Ernst Jünger falleció el 17 febrero de 1998 en la localidad de Wilflingen, donde residía desde el final de la II Guerra Mundial.
Notas
[1] En francés en el original.
I
Todos vosotros conocéis la profunda melancolía que nos sobrecoge al recordar los tiempos felices. Esos tiempos que se han alejado para no volver más y de los cuales estamos más implacablemente separados que por cualquier distancia. Y las imágenes de la vida son más seductoras todavía vistas en el reflejo que nos dejan, y pensamos en ellas como en el cuerpo de una amada difunta que reposara bajo tierra y que de pronto se nos apareciera, como un luminoso espejismo. Una y otra vez nos entregamos a nuestros sedientos ensueños y tratamos de revivir el pasado, deteniéndonos ante cada uno de sus pormenores y de sus detalles. Y cuando tal hacemos nos parece que nunca hemos sabido apurar las posibilidades de la vida y del amor, pero nuestro arrepentimiento no puede hacer emerger lo que en definitiva se ha hundido para siempre en la nada. ¡Ojalá que este sentimiento fuera una lección que pudiéramos tener presente en cada momento de felicidad!
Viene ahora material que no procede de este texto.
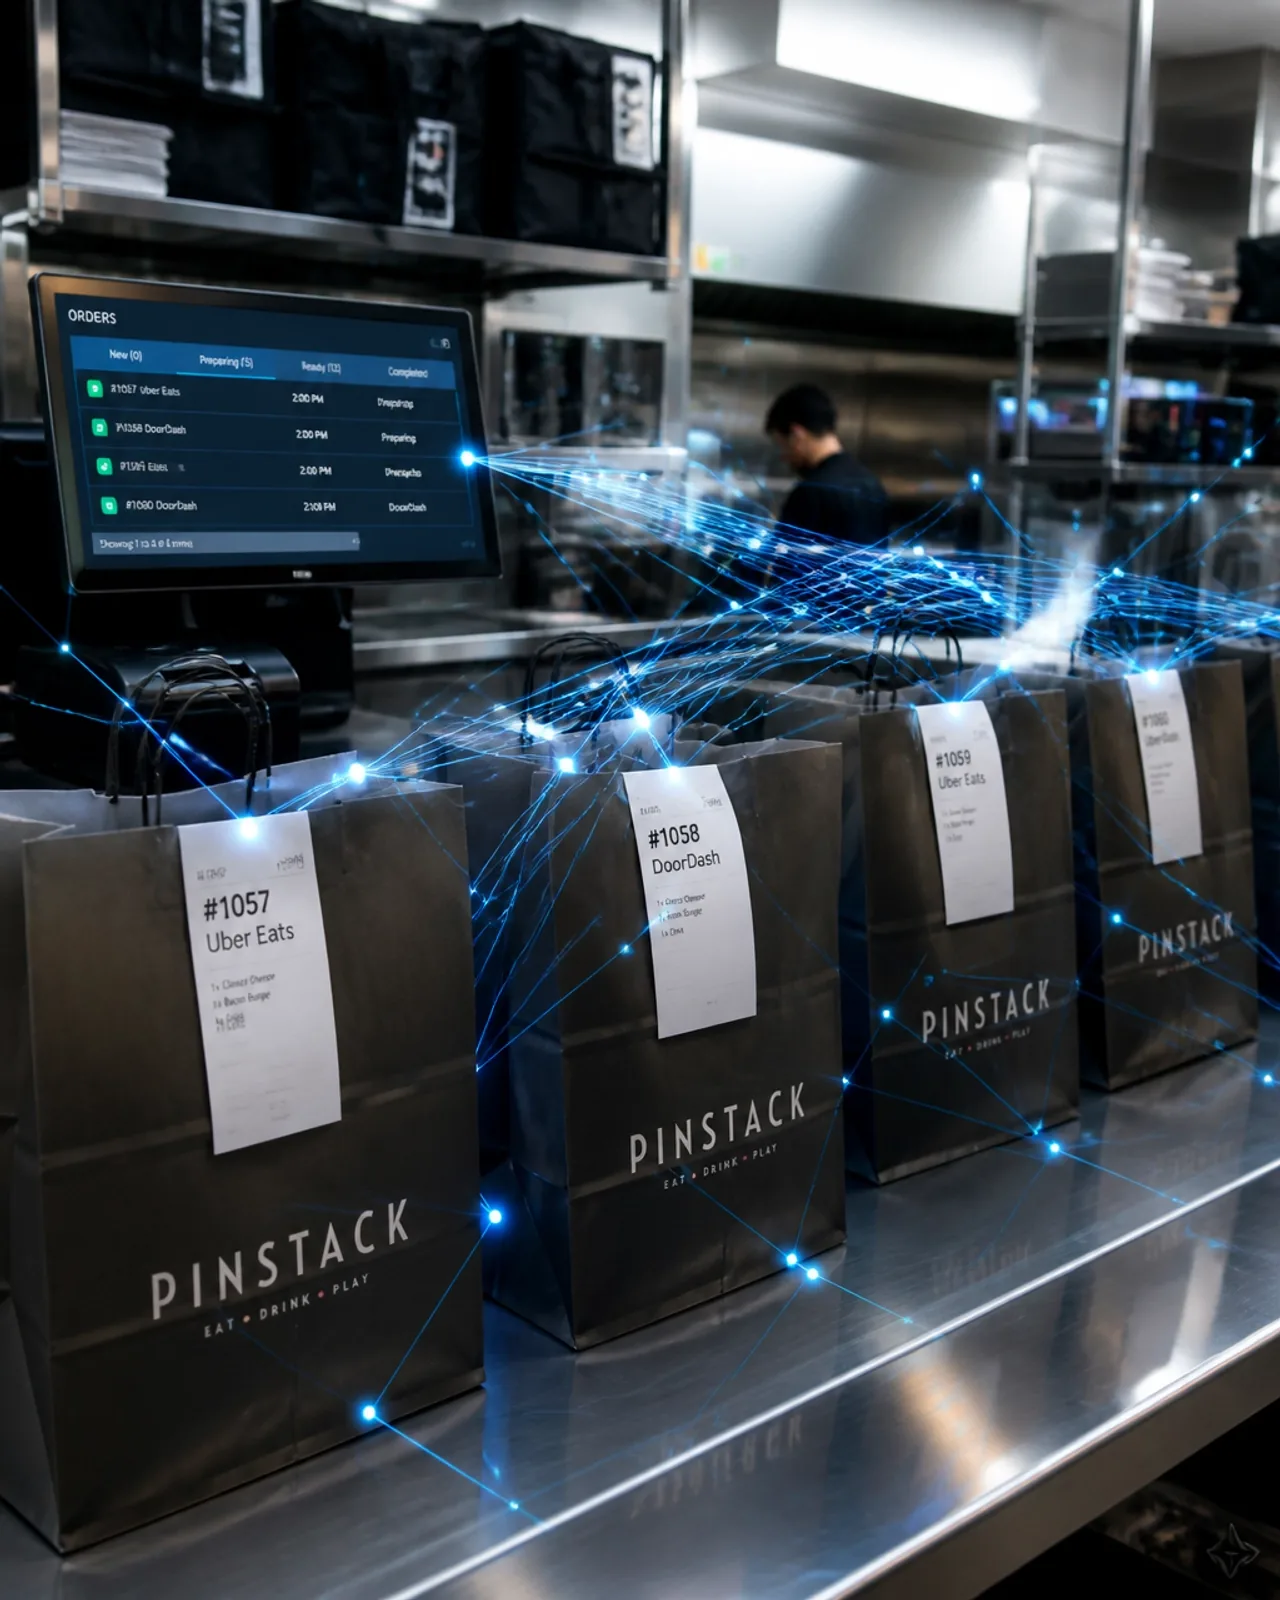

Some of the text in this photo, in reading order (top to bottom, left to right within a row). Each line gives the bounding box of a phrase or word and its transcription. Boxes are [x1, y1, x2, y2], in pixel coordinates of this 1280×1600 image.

Y el recuerdo es todavía más dulce cuando se refiere a unos años de felicidad que terminaron de una manera súbita, inopinadamente. Únicamente entonces nos percatamos de que para nosotros, los humanos, ya es una suerte vivir en nuestras pequeñas comunidades, bajo un techo apacible, gozando de amables conversaciones y siendo cariñosamente saludados por la mañana y por la noche. Pero, ¡ah!, siempre es demasiado tarde cuando nos percatamos de que con todo ello el cuerno de la abundancia se volcó generosamente sobre nosotros. Así, con profunda añoranza, recuerdo yo la época en que vivíamos en la gran Marina, y aquellos años reviven en mí tocados de una mágica aureola. Cierto que de vez en cuando nos parecía que alguna preocupación o algún pesar oscurecía la dicha de aquellos días. El Gran Guardabosque, sobre todo, nos hacía estar en continua alerta. Por esto vivíamos muy austeramente y vestíamos de una manera sencilla, aunque ningún voto nos obligaba a llevar aquella existencia. Dos veces al año, en primavera y en otoño, dejábamos que el sol sazonara las uvas.
En otoño bebíamos como suele hacerlo la gente entendida, rindiendo así homenaje a los exquisitos vinos que se recogen en las pendientes meridionales de la gran Marina, que son orgullo de ésta. Por las tardes, cuando a través de los rojos emparrados y los oscuros racimos llegaban hasta nosotros las alegres voces de los leñadores, cuando las prensas comenzaban a rechinar en los pueblos y aldeas y el olor de orujo fresco ya fermentado llegaba hasta los patios de las casas, nos íbamos a las tabernas y a casa de los toneleros y los viñadores, y brindábamos con ellos en los panzudos jarros. Allí, en las tabernas y bodegas, siempre encontrábamos alegres compañeros, pues dado que el país es rico y hermoso, existen en él personas despreocupadas entre las que el ingenio y el buen humor se cotiza como moneda de gran valía.